第618話 「重なる空の覆い」

 事態の進行は予想を超え、まるで怒涛の流れのようだった。少し遅めの昼食の後、今後のための会合が、すぐに執り行われることとなった。

 人を集めるために時間が少しかかるという話だったけど、王都に詰めておられる方々は、すぐにでも参集できる。召集に少し時間を要する可能性があったのは、国内他都市の統治者の方々だ。

 ただ、そういった方々も、迅速な情報伝達と転移門の働きで、王都へ間を置かずに呼び寄せることができたようだ。事前に今回の探索の件が方々ほうぼうに伝わっていて、並々ならぬ関心を寄せられていたというのもある。


 そうした会議に、もちろん殿下とアーチェさんはご出席なされた。

 ただ、俺たちはというと、会議には出ずに報告書の作成に取り掛かった。こちらへやってこられた他都市の方々にとっては、この報告書も、王都への来訪目的の一つだろうからだ。手早く取りまとめる必要がある。それに、記憶が新しいうちに仕上げたいという事情も。
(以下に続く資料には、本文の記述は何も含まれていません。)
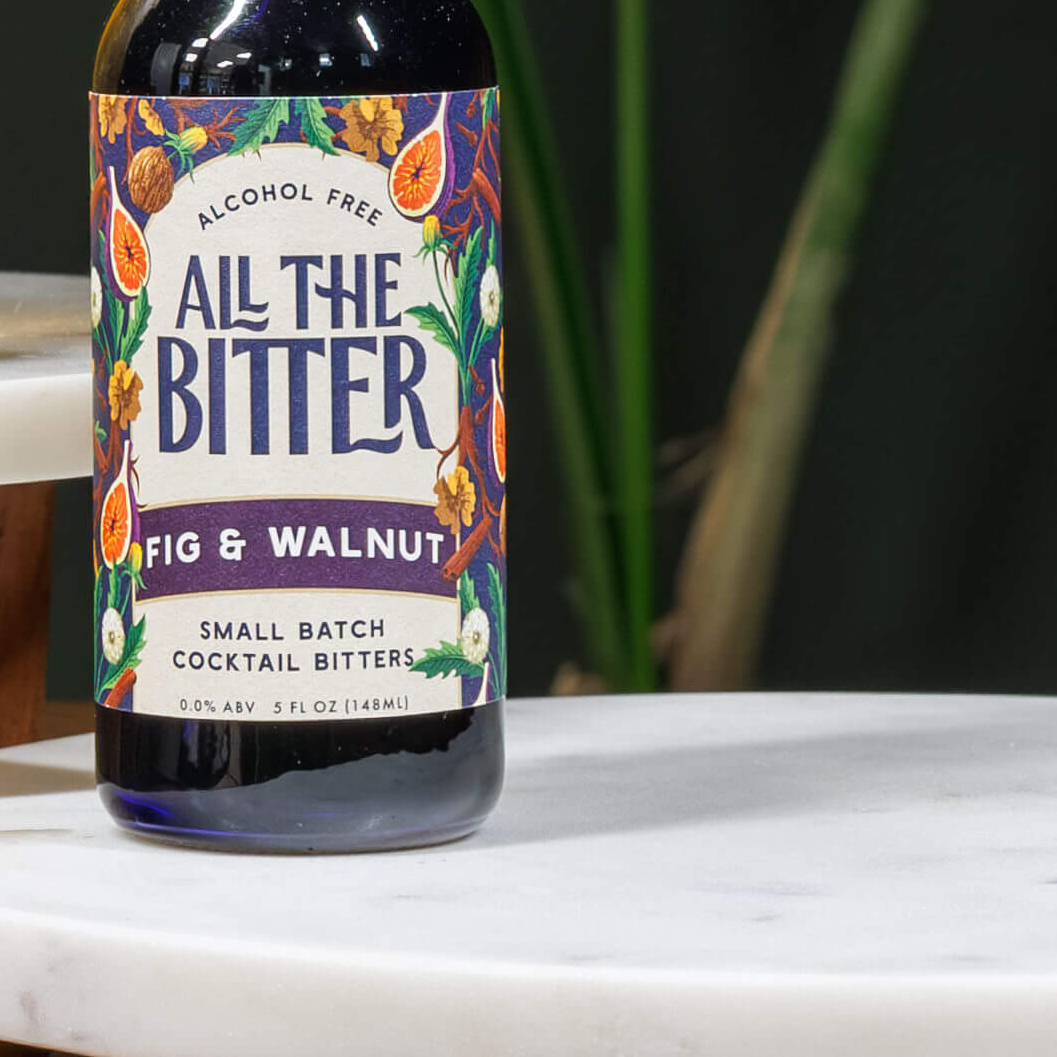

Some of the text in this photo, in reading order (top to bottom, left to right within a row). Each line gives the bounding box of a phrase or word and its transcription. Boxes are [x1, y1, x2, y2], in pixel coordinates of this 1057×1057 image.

 そこで、昼食会からそのままの流れで、報告書作成に取り掛かる形となった。

 お店の方は突然貸し切り状態になってしまって、迷惑だろうとは思ったけど……あまり気にされていない様子だった。「このところ、客足がめっきり」とのことで、今みたいに賑やかに使ってもらえている方が、むしろ好ましいのだとか。エリーさんが懇意にしているということで、気を許されているのもあるかもしれない。

 それに、昼食の後もなんやかんやで、みんなで報告書を書きつつ何かをつまんでいる。だから、お店としてもちょうどいいのだろう。


 会議の進行は俺たちの予想を超えて迅速だった。国から遣わされた連絡係の方から、会議で目立った動きがあれば、逐一報告がなされた。

 あちらの会議では、国と各都市、そして関係諸機関の中枢の方々が参加している。まずは大筋について速やかに決定し、そこでの決断をすぐさま関係機関へと下ろして、事の対応に当たらせるという形を取っているらしい。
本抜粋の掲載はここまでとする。